Devilyman is perhaps one of the most unique titles I’ve seen to come out of Jump Start by far. Stuff like Straighten Up and Cyborg Roggy have their own unique feel to them as well, but they’re not completely different or wholly original since they are familiar stories with their own fun spins on them (like Straighten Up being a high school sports series but about dancing instead of regular sports). Devilyman has the template of a buddy comedy, but it’s such an odd and unique buddy team up between a devil and a little kid who uses their powers to scam people; it definitely makes the book a standout in Weekly Shonen Jump at the very least.
What kind of corporate devil are you?! Of course you have the kid sign it!

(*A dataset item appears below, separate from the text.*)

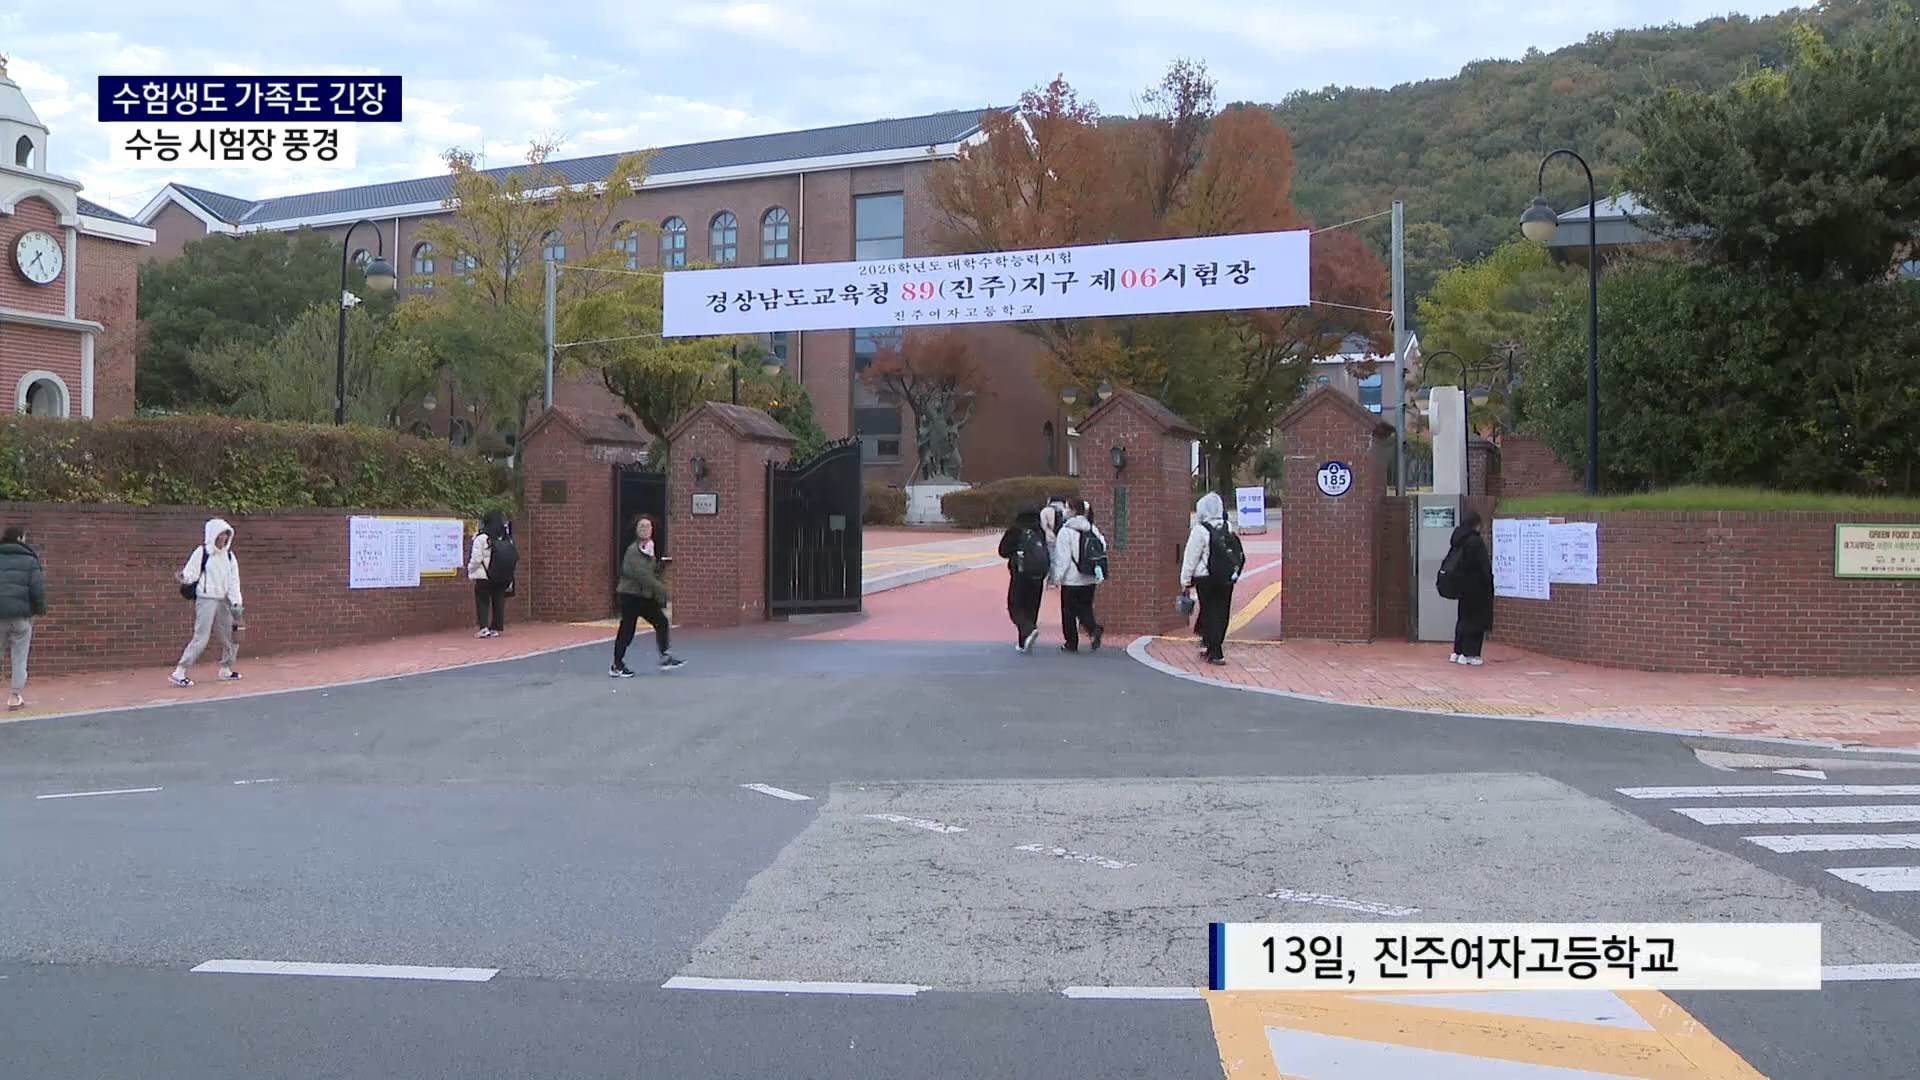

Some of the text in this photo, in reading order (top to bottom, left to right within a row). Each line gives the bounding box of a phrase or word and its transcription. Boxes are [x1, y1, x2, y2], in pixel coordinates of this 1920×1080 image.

[858, 250, 1072, 276] 2026학년도 대학수학능력시험
[705, 259, 1257, 314] 경상남도교육청 89(진주)지구 제06시험장
[1322, 474, 1347, 486] 185
[1869, 530, 1920, 539] GREEN FOOD ZO

As a first chapter though, the manga does succeed. It does a good job of introducing both Madogiwa and Aeru, giving you a good idea of who they are and how different they are in their beliefs and goals. While you get some decent background Madogiwa to start with, you don’t learn much about who Aeru is. That is fine though, since it gives the kid an air of mystery (what his deal is and why he is the way he is, which looks to be addressed in the next chapter). We get some rules about how devils and their business system works, like how people can’t see them unless they are bad (bad people are the best to make evil deals with after all) or how each devil has their own unique power to sell. It’s quite well done in that regard and even if you do not find the humor all that good, I’m sure the story and what has been presented will at least get your attention.
Is It Good?
Devilyman #1 is honestly not a manga for me, since I wasn’t personally able to get into its sense of humor or even the characters themselves (they’re defined well enough, but I didn’t care much for them). However, I do see how this would be appealing to the right audience and perhaps the humor would be more to their taste than mine. Plus, the unique feel that the series possesses definitely gives it a potentially memorable edge over a lot of the series currently being put out in Weekly Shonen Jump. Ultimately, all I can say is to give it a read and see how you feel about it.
Like what we do here at AIPT? Consider supporting us and independent comics journalism by becoming a patron today! In addition to our sincere thanks, you can browse AIPT ad-free, gain access to our vibrant Discord community of patrons and staff members, get trade paperbacks sent to your house every month, and a lot more. Click the button below to get started!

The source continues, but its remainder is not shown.